Images for object localization:
■ ■ ■ ■

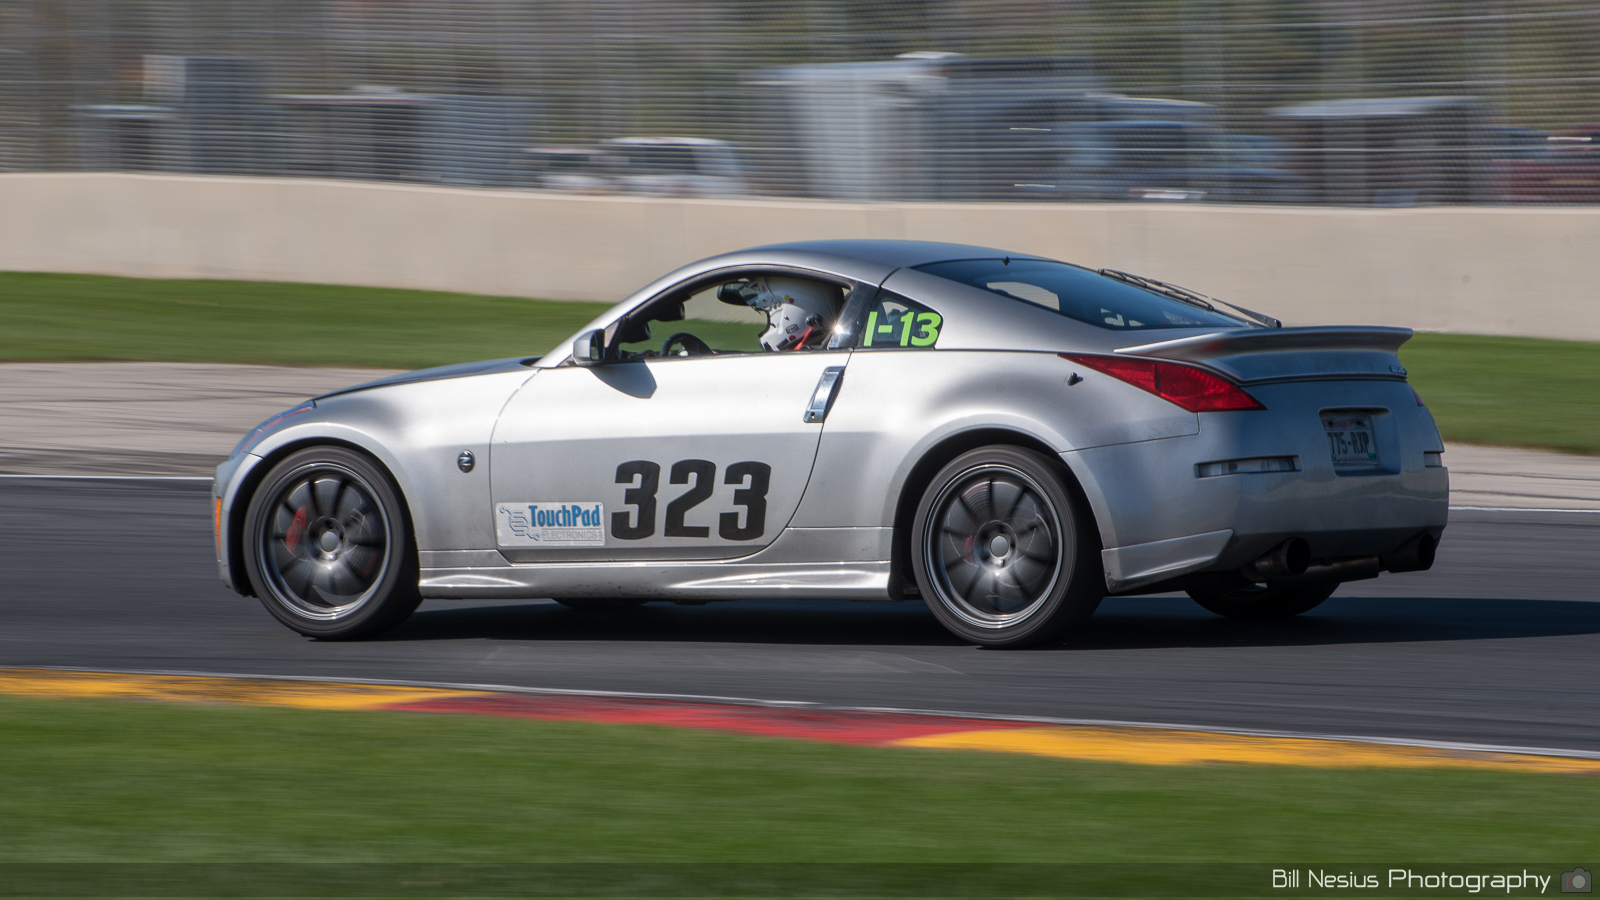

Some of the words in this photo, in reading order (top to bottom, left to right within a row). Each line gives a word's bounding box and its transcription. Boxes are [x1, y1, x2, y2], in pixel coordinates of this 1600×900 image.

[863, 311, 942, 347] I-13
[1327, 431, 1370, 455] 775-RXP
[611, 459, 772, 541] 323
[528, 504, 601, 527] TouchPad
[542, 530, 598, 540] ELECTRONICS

■ ■ ■ ■

> **Your instructions**
Print the entries above word for word, without pictures.

> **Response**
Some of the words in this photo, in reading order (top to bottom, left to right within a row). Each line gives a word's bounding box and its transcription. Boxes are [x1, y1, x2, y2], in pixel coordinates of this 1600×900 image.

[863, 311, 942, 347] I-13
[1327, 431, 1370, 455] 775-RXP
[611, 459, 772, 541] 323
[528, 504, 601, 527] TouchPad
[542, 530, 598, 540] ELECTRONICS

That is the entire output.